### Records provided
↓↓↓

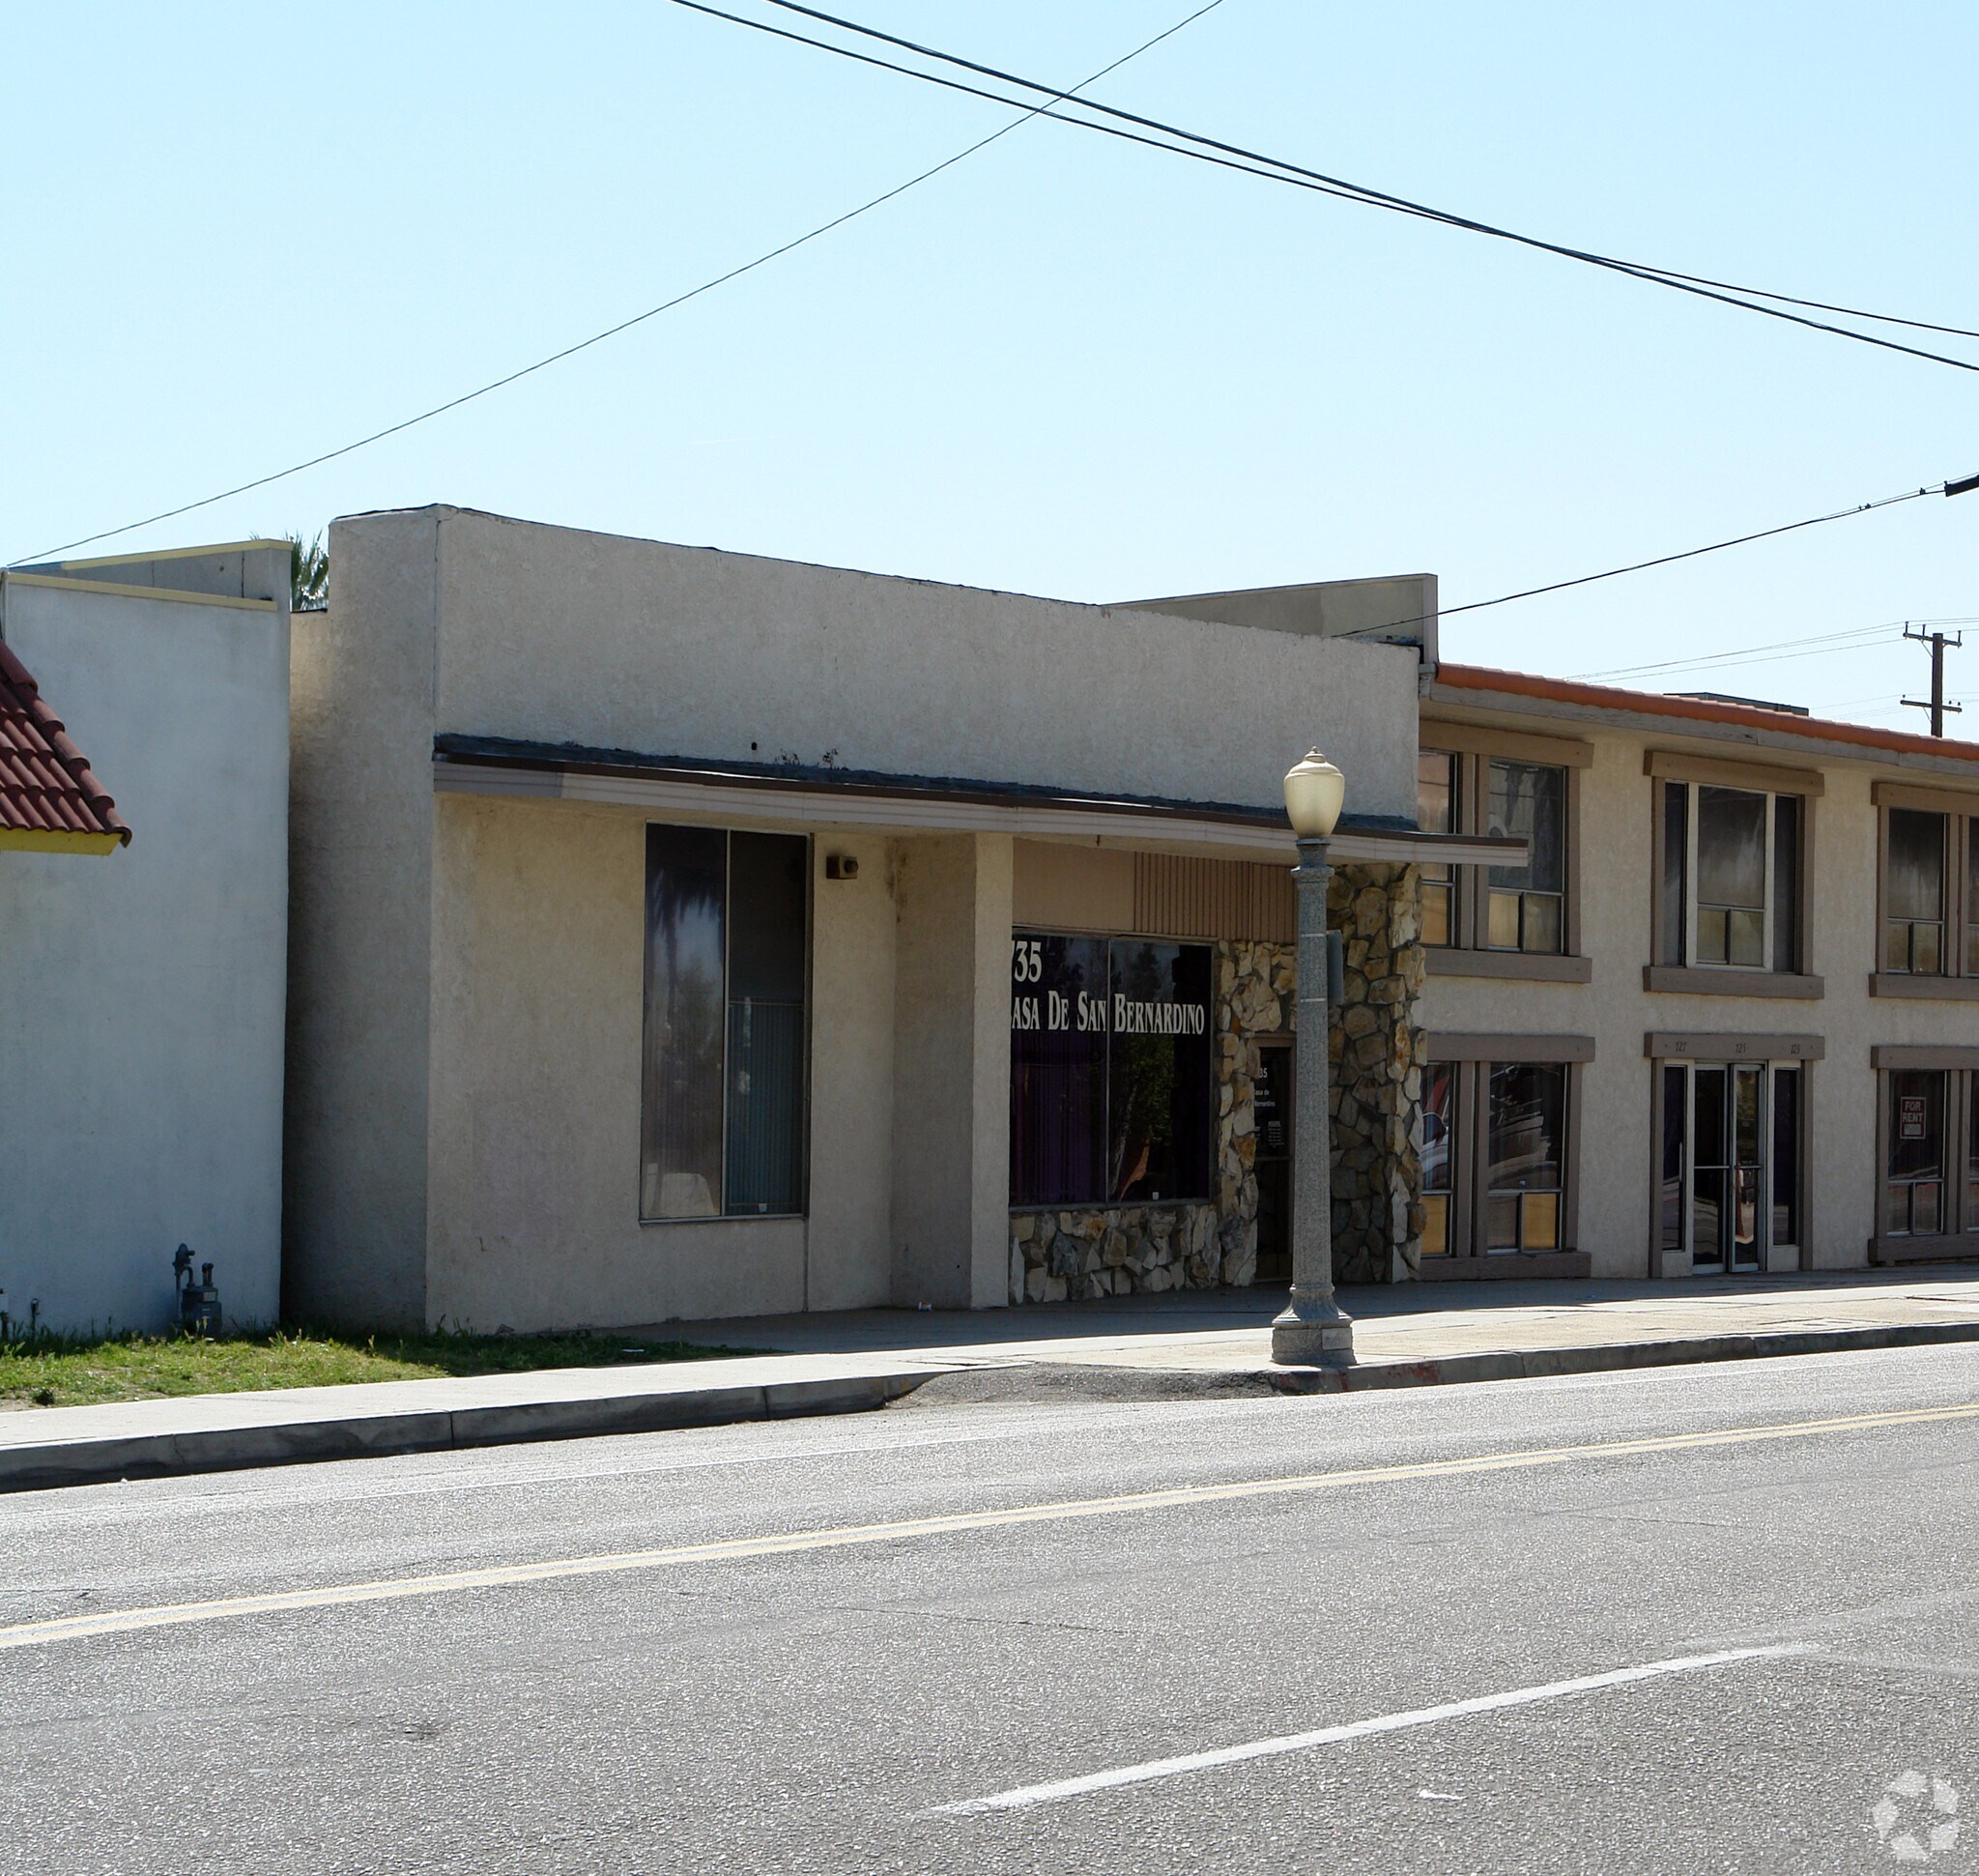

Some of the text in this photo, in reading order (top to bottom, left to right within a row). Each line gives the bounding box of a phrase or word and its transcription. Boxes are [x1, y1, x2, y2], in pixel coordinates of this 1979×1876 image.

[1012, 939, 1043, 983] 35
[1011, 996, 1041, 1030] ASA
[1903, 1112, 1923, 1122] RENT
[1905, 1101, 1921, 1111] FOR
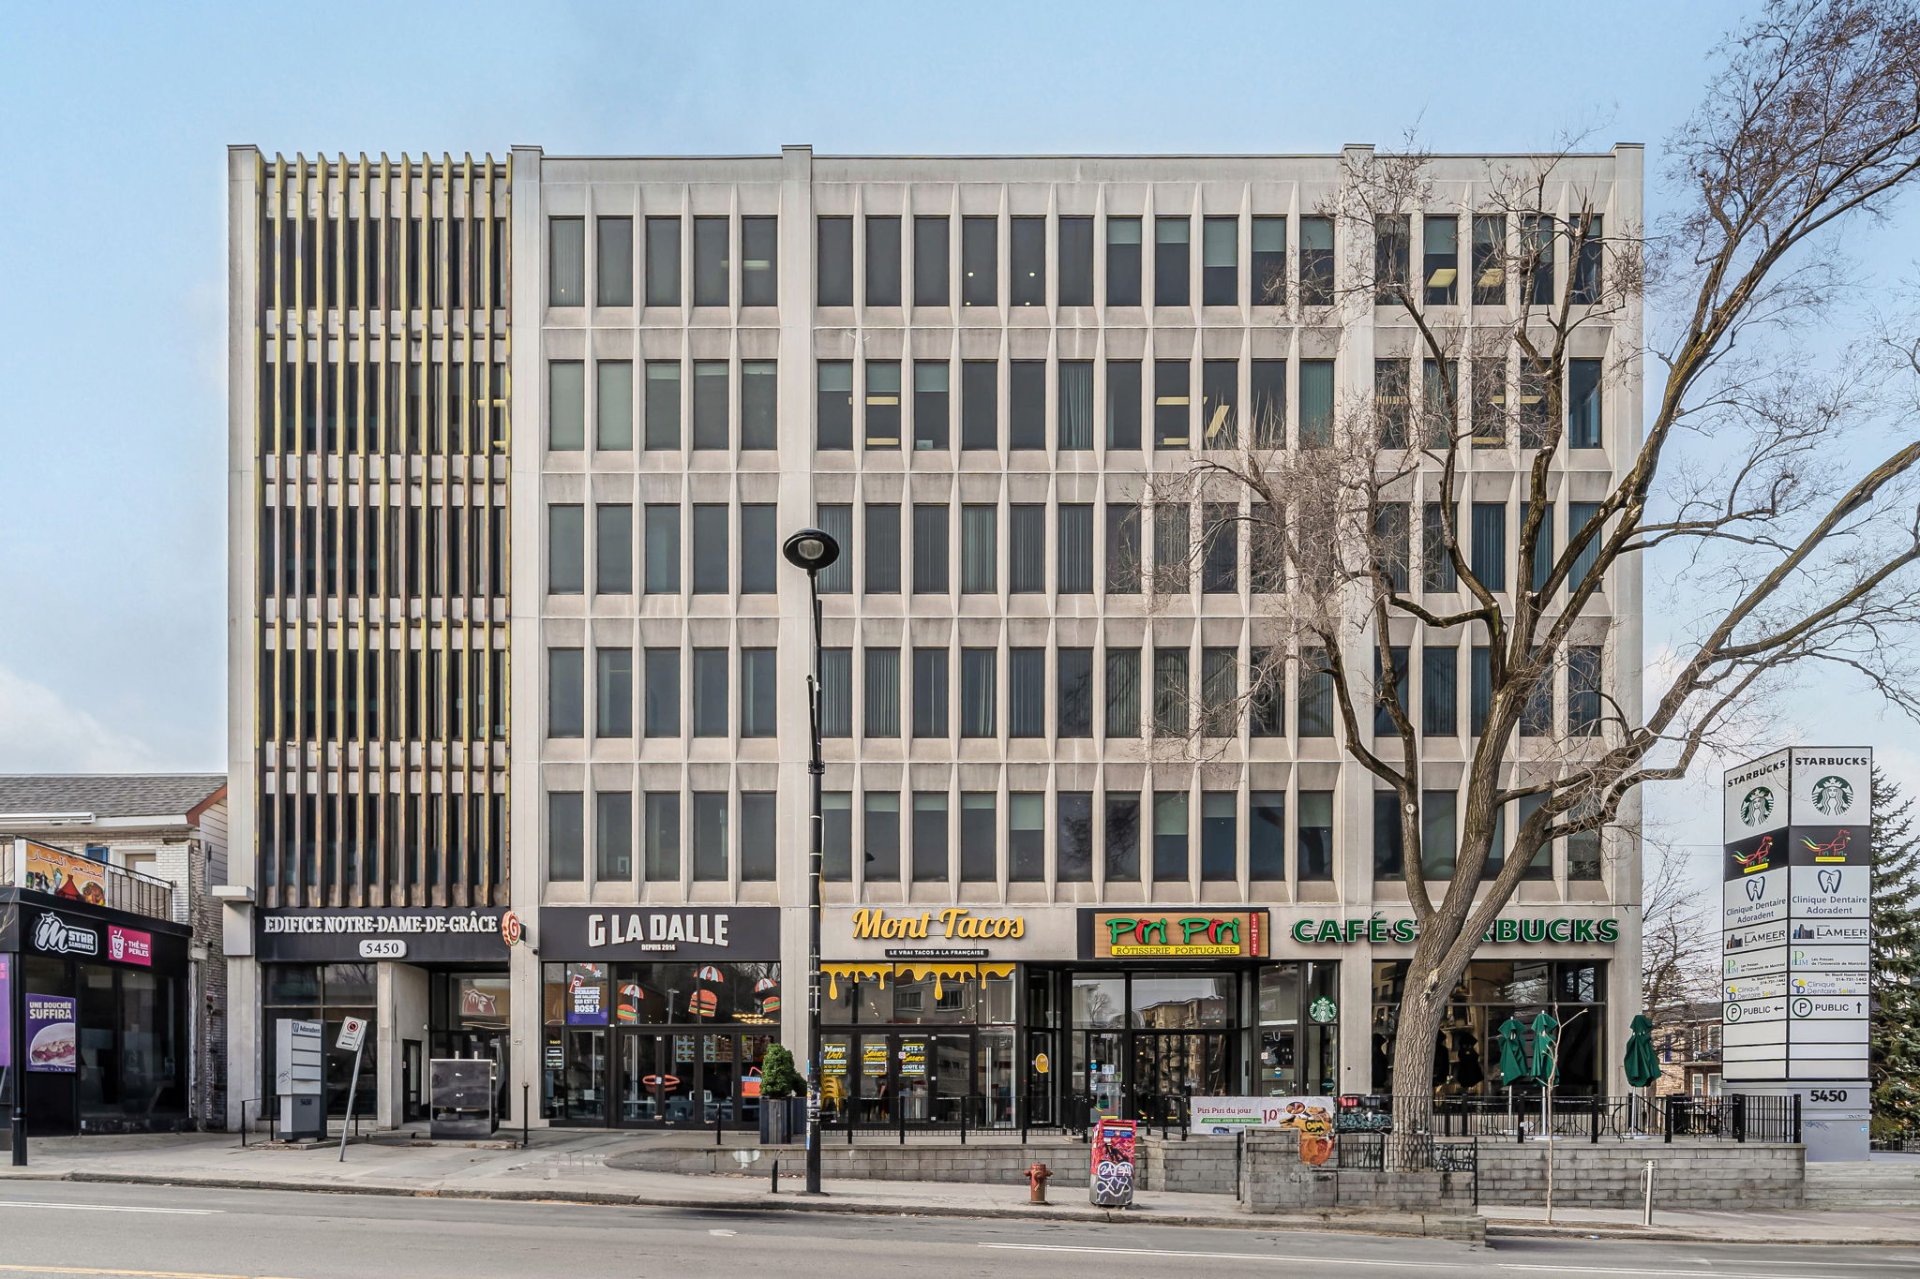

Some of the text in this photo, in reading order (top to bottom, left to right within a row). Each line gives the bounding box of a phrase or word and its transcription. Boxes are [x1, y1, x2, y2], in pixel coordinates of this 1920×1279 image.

[1795, 757, 1868, 766] STARBUCKS
[1728, 760, 1786, 788] STARBUCKS
[1726, 898, 1786, 916] Clinique Dentaire
[1792, 896, 1826, 906] Clinique
[1806, 906, 1852, 914] Adoradent
[264, 911, 498, 933] EDIFICE NOTRE-DAME-DE-GRÂCE
[852, 908, 1025, 938] Mont Tacos
[1737, 911, 1774, 924] Adoradent
[589, 914, 729, 947] G LA DALLE
[1106, 918, 1240, 944] Piri Piri
[1292, 910, 1620, 943] CAFÉ SBUCKS
[1817, 928, 1867, 936] LAMEER
[68, 930, 94, 944] STAR
[1745, 930, 1785, 944] LAMEER
[129, 948, 148, 957] PERLES
[365, 943, 400, 954] 5450
[1116, 945, 1236, 955] RÔTISSERIE PORTUGAISE
[29, 1009, 72, 1019] SUFFIRA
[1744, 1006, 1771, 1015] PUBLIC
[1810, 1090, 1847, 1102] 5450

↑↑↑

### Exercise
Return each entry exactly as it appears above, but exclude the pictures.

### Written solution
Some of the text in this photo, in reading order (top to bottom, left to right within a row). Each line gives the bounding box of a phrase or word and its transcription. Boxes are [x1, y1, x2, y2], in pixel coordinates of this 1979×1876 image.

[1012, 939, 1043, 983] 35
[1011, 996, 1041, 1030] ASA
[1903, 1112, 1923, 1122] RENT
[1905, 1101, 1921, 1111] FOR

Some of the text in this photo, in reading order (top to bottom, left to right within a row). Each line gives the bounding box of a phrase or word and its transcription. Boxes are [x1, y1, x2, y2], in pixel coordinates of this 1920×1279 image.

[1795, 757, 1868, 766] STARBUCKS
[1728, 760, 1786, 788] STARBUCKS
[1726, 898, 1786, 916] Clinique Dentaire
[1792, 896, 1826, 906] Clinique
[1806, 906, 1852, 914] Adoradent
[264, 911, 498, 933] EDIFICE NOTRE-DAME-DE-GRÂCE
[852, 908, 1025, 938] Mont Tacos
[1737, 911, 1774, 924] Adoradent
[589, 914, 729, 947] G LA DALLE
[1106, 918, 1240, 944] Piri Piri
[1292, 910, 1620, 943] CAFÉ SBUCKS
[1817, 928, 1867, 936] LAMEER
[68, 930, 94, 944] STAR
[1745, 930, 1785, 944] LAMEER
[129, 948, 148, 957] PERLES
[365, 943, 400, 954] 5450
[1116, 945, 1236, 955] RÔTISSERIE PORTUGAISE
[29, 1009, 72, 1019] SUFFIRA
[1744, 1006, 1771, 1015] PUBLIC
[1810, 1090, 1847, 1102] 5450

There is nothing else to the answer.